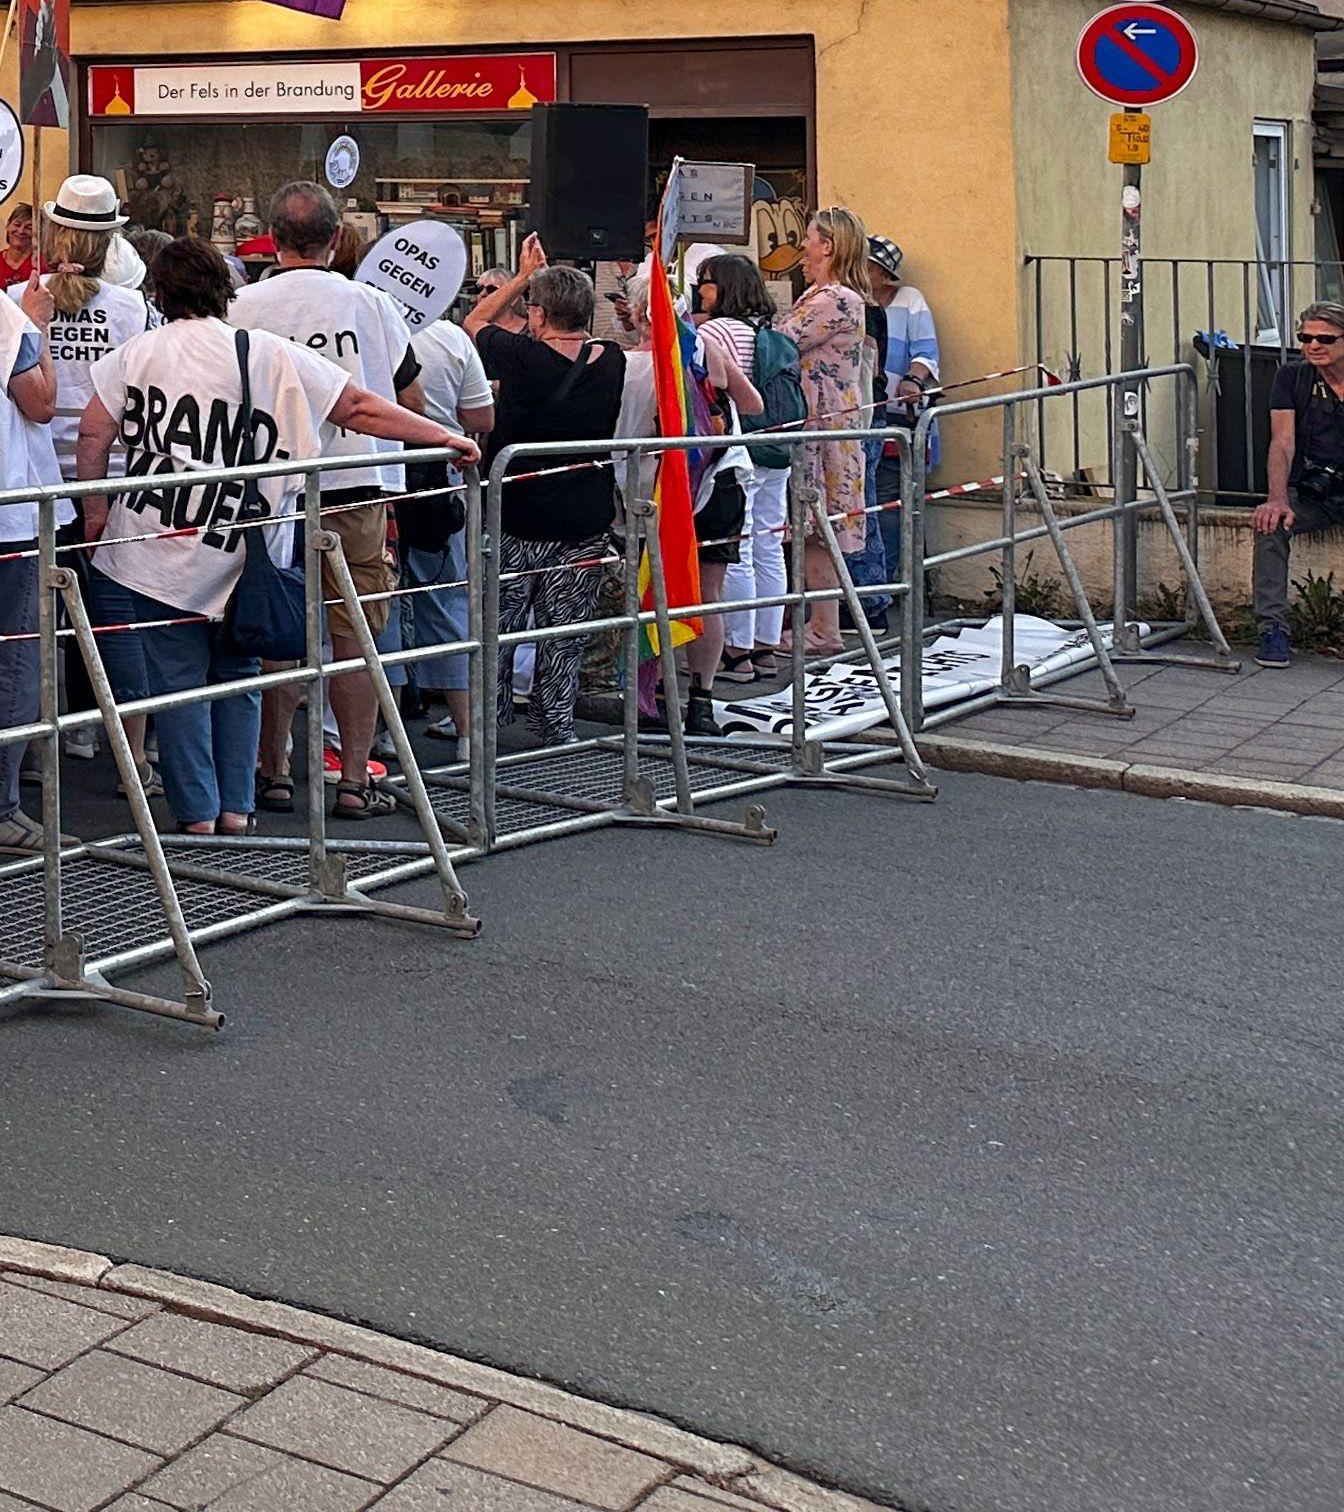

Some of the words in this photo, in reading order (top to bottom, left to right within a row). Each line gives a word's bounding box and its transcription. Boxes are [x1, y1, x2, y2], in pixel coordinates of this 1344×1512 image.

[158, 84, 184, 99] Der
[191, 82, 219, 99] Fels
[224, 83, 238, 98] in
[244, 81, 271, 98] der
[277, 80, 355, 101] Brandung
[362, 64, 494, 109] Gallerie
[394, 237, 440, 270] OPAS
[378, 258, 436, 299] GEGEN

^^^^

● WORK TO COMPLETE
Without including any picture, print every record exactly as written above.

● TASK SOLUTION
Some of the words in this photo, in reading order (top to bottom, left to right within a row). Each line gives a word's bounding box and its transcription. Boxes are [x1, y1, x2, y2], in pixel coordinates of this 1344×1512 image.

[158, 84, 184, 99] Der
[191, 82, 219, 99] Fels
[224, 83, 238, 98] in
[244, 81, 271, 98] der
[277, 80, 355, 101] Brandung
[362, 64, 494, 109] Gallerie
[394, 237, 440, 270] OPAS
[378, 258, 436, 299] GEGEN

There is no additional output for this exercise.